Que Deus concede aos seus

 

        O romance me surpreendeu. Em vários pontos.

O autor diz que o jovem rei era hermafrodita, e por isso não se casou.

Seu cadáver foi embalsamado em Marrocos, e anos mais tarde resgatado por Felipe de Espanha.

        Oh, tudo é mistério, e não «haverá rasgões no espaço / que dêem para outro lado»...

        Romance intrigante, momentos de rara beleza. Mas volto ao mito. Prefiro o mito.

        Sou, a meu modo, um sebastianista (mais seria se não fosse, para tanto viver tão curta a vida...). Por isso Camões entregou seu poema a D. Sebastião.

        O jovem rei, no livro, é rapaz extremamente religioso, pudico, puritano, se delicia a matar porcos na cozinha, a assistir às sessões de tortura, ao suplicio dos condenados. Havia condenados pelos mais extremos e hediondos crimes, como o crime da masturbação, por exemplo.

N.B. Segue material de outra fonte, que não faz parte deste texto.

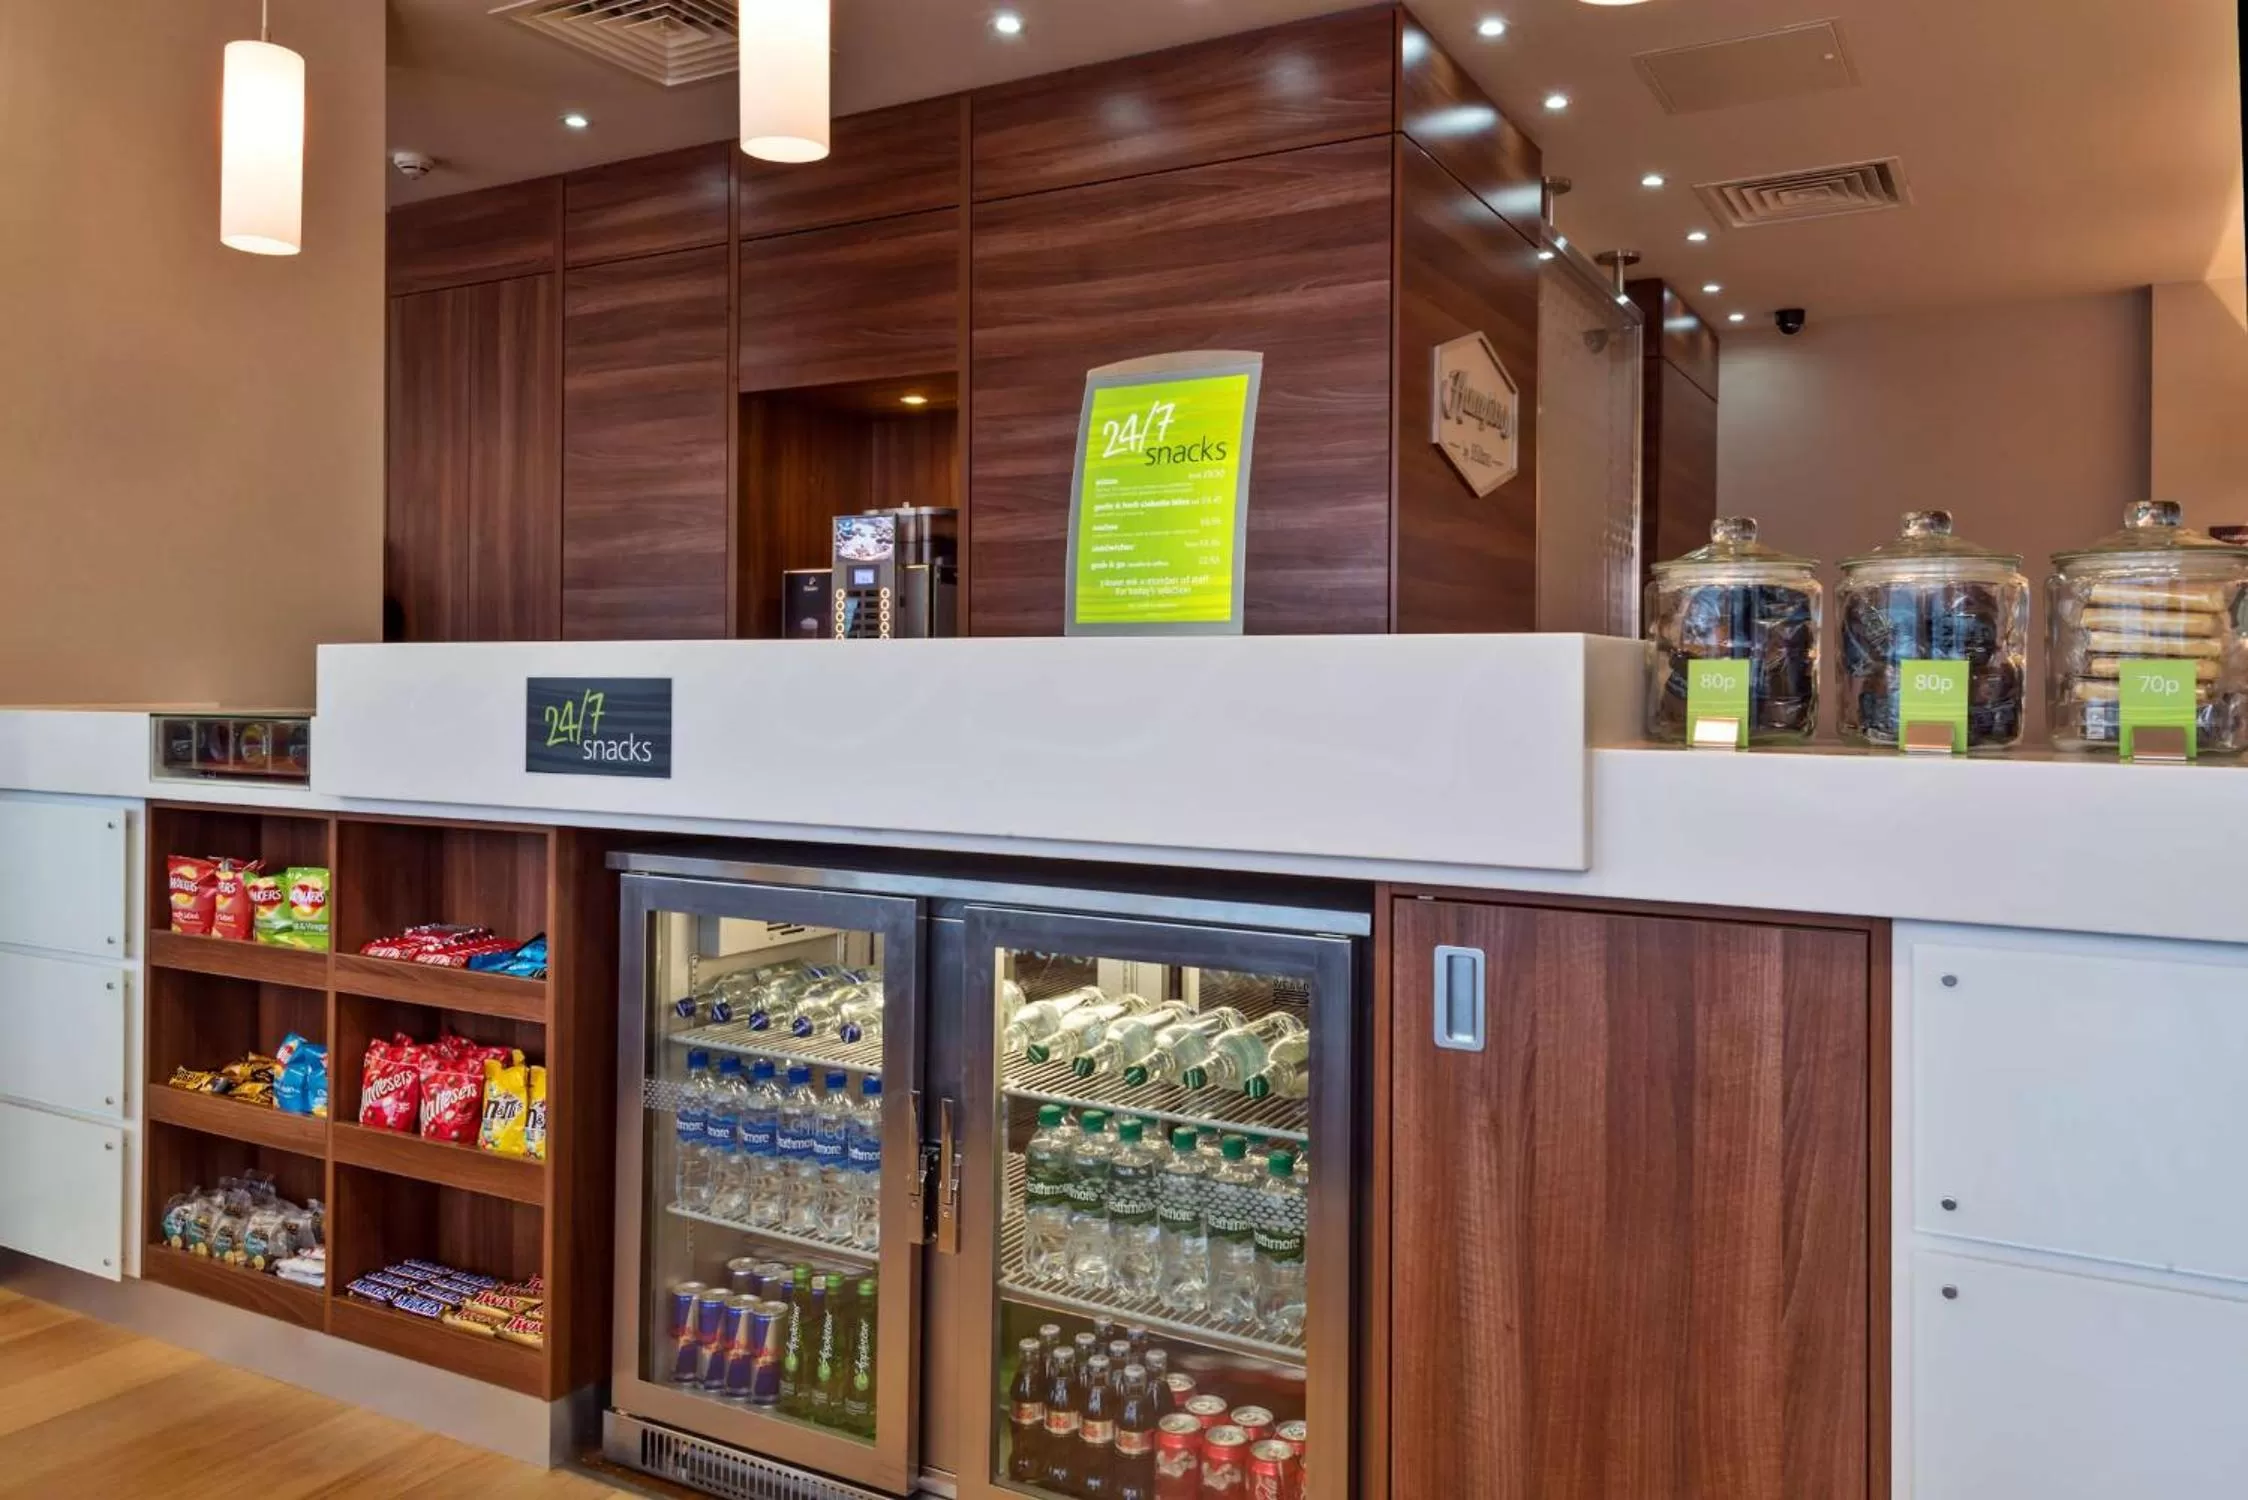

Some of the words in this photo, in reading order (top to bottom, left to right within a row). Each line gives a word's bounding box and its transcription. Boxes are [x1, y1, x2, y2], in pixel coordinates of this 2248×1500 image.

        A obsessão do rei em matar-mouros lembra certo presidente de nação distante, hoje. Conflito que vem de longe, entre nossa boníssima e caridosa civilização cristã e a dos cruéis árabes pagãos. Mas:

 

Triste de quem vive em casa,

Contente com o seu lar,

Sem que um sonho, no erguer de asa

Faça até mais rubra a brasa

Da lareira a abandonar!

 

        Devemos a D. Sebastião o nome da nossa cidade do Rio de Janeiro.

 

Quem vem viver a verdade

Que morreu D. Sebastião?

 

        Talvez seja Mito.

        Prefiro o Mito.

 

«No imenso espaço seu de meditar,

Constelado de forma e de visão,

Surge, prenúncio claro do luar,

El-Rei D. Sebastião».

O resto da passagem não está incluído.